While hunting deer-sized game my long-time favourite bullet is the 95-grain Nosler Partition but when chasing smaller game and varmints, I frequently switch to my own handloads with little 55-grain Nosler Solid Base bullets. While these fall on opposite ends of the usual .243 bullet spectrum, both group and perform very well yet differ in their impact points so a sighting adjustment must be made if switching.


The same year Winchester brought the .243 to the market Remington countered with their own .243/6mm cartridge, initially calling it the .244 Remington, that version originally made by necking down a .257 Roberts case (itself developed from the case of the 7x57mm Mauser). Eventually the .244 was renamed the 6mm Remington and while the latter is still made today by many rifle manufacturers, it lost the popularity battle with the .243 Winchester early on and remains that way still.

Weatherby also threw their hat in the .243/6mm ring with the .240 Weatherby Magnum in 1968 but, like all that company’s cartridges, its popularity has remained quite limited over the years. And more recently cartridges like the 6mm Creedmoor, .24 Nosler and a few others have tried to muscle in on the .243 Winchester but have enjoyed little success.

My own experience

For handloading I found the best powders for almost all bullets for the .243 are those with a slower burn rate.
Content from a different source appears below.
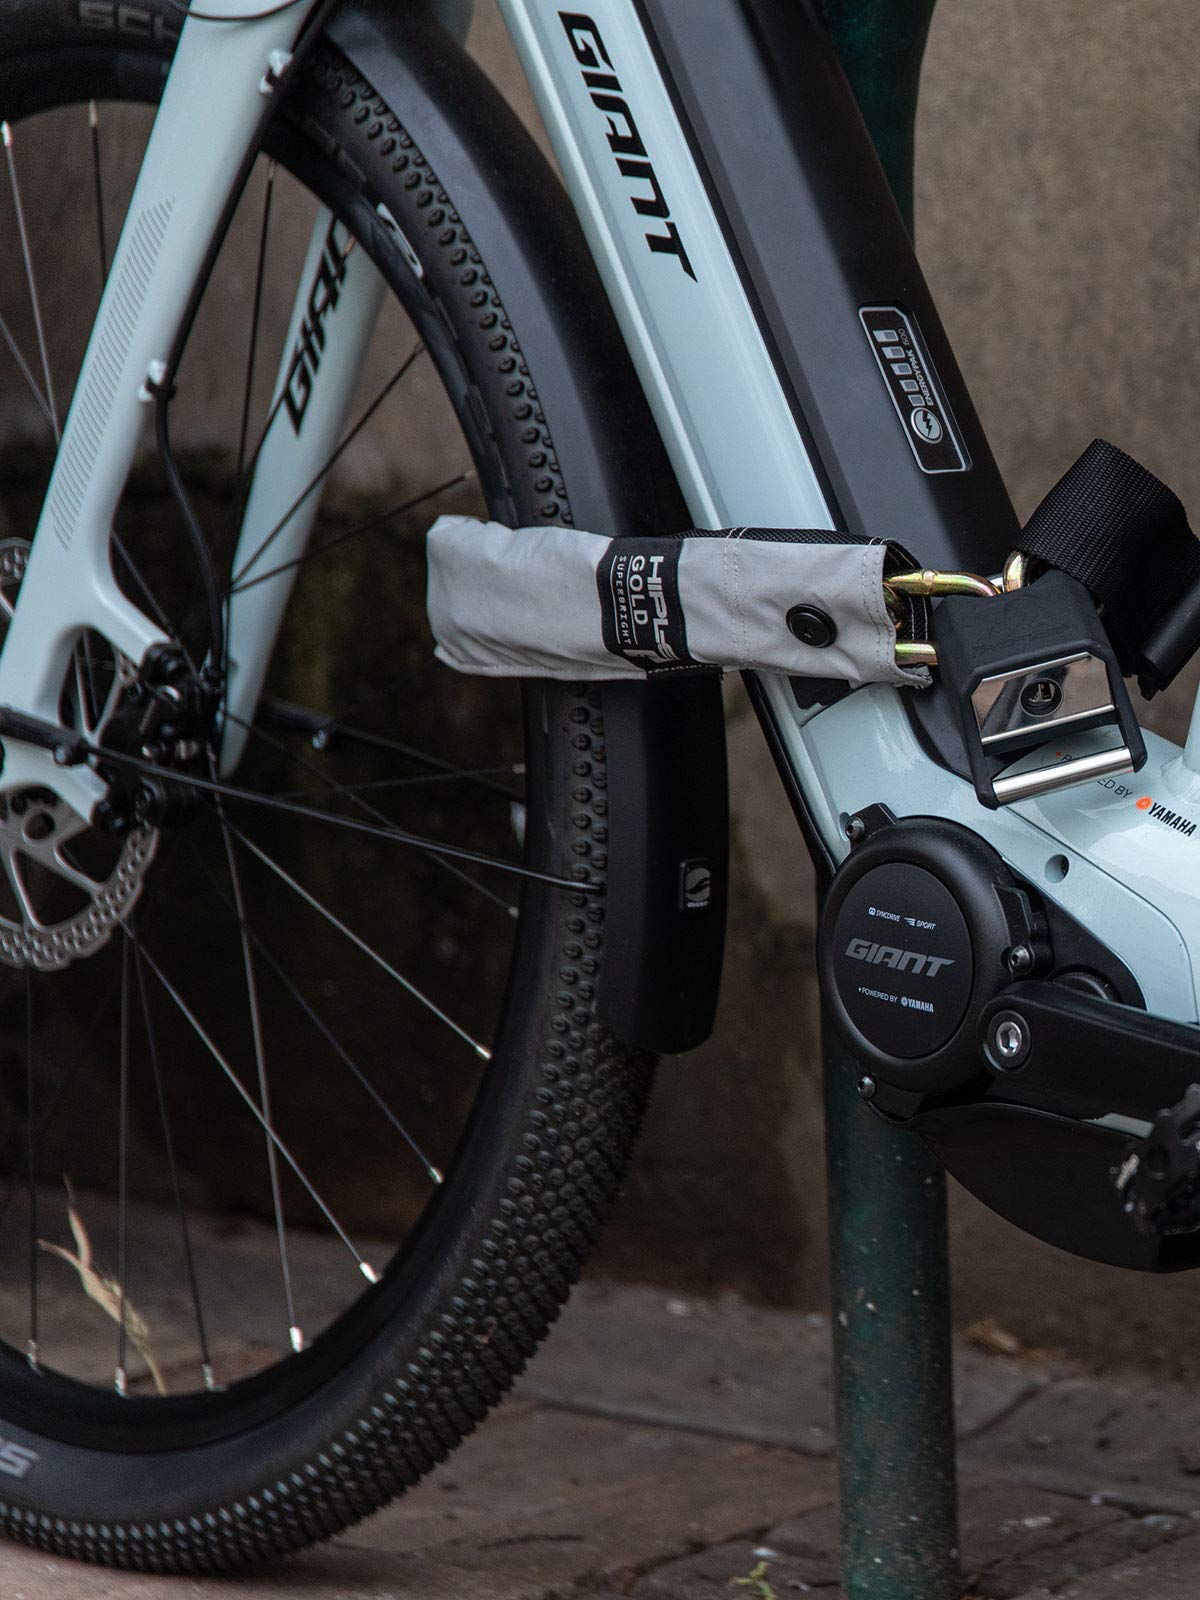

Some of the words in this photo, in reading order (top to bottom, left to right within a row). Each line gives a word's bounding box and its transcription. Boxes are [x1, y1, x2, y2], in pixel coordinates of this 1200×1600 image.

As alluded to earlier, my favourite .243 load for hunting larger game consists of a handloaded 95-grain bullet, specifically a Nosler Partition which I send on its way at a measured 3177fps. That load produces 1200ft-lb of energy on impact at 100m and when sighted-in to hit around 3cm high at that range the bullet will only be down a little over 15cm at 300m.

And when I shift from pursuing big game to varmints, my handloads with 55-grain Nosler Solid Base Ballistic Tip bullets leave the barrel at an impressive 3900fps, this load producing devastating results on smaller game. Even if you don’t load your own cartridges, factory loads are available from a variety of manufacturers producing similar bullets.

The way I see it

It almost seems like new cartridges are being developed on a monthly basis but in my opinion some of the best are those which have stood the test of time with the .243 Winchester certainly one of them. Whether you’re going after pigs and deer-sized animals or varmints and small game I don’t believe you can go wrong with this cartridge.

I have a close friend who underwent serious surgery just before the start of the US elk hunting season a few years back and feeling reluctant to use his normal elk rifle due to its stout recoil, he opted instead for his .243. Normally I wouldn’t suggest the cartridge for game of this size but he’s an experienced hunter and knew well its limitations.

Not willing to give up an elk season he used that .243 to kill two cows, each with a single shot, and while certainly not recommended for this type of application, it does demonstrate the effectiveness of the cartridge when loaded with a high-quality hunting bullet coupled with precise placement.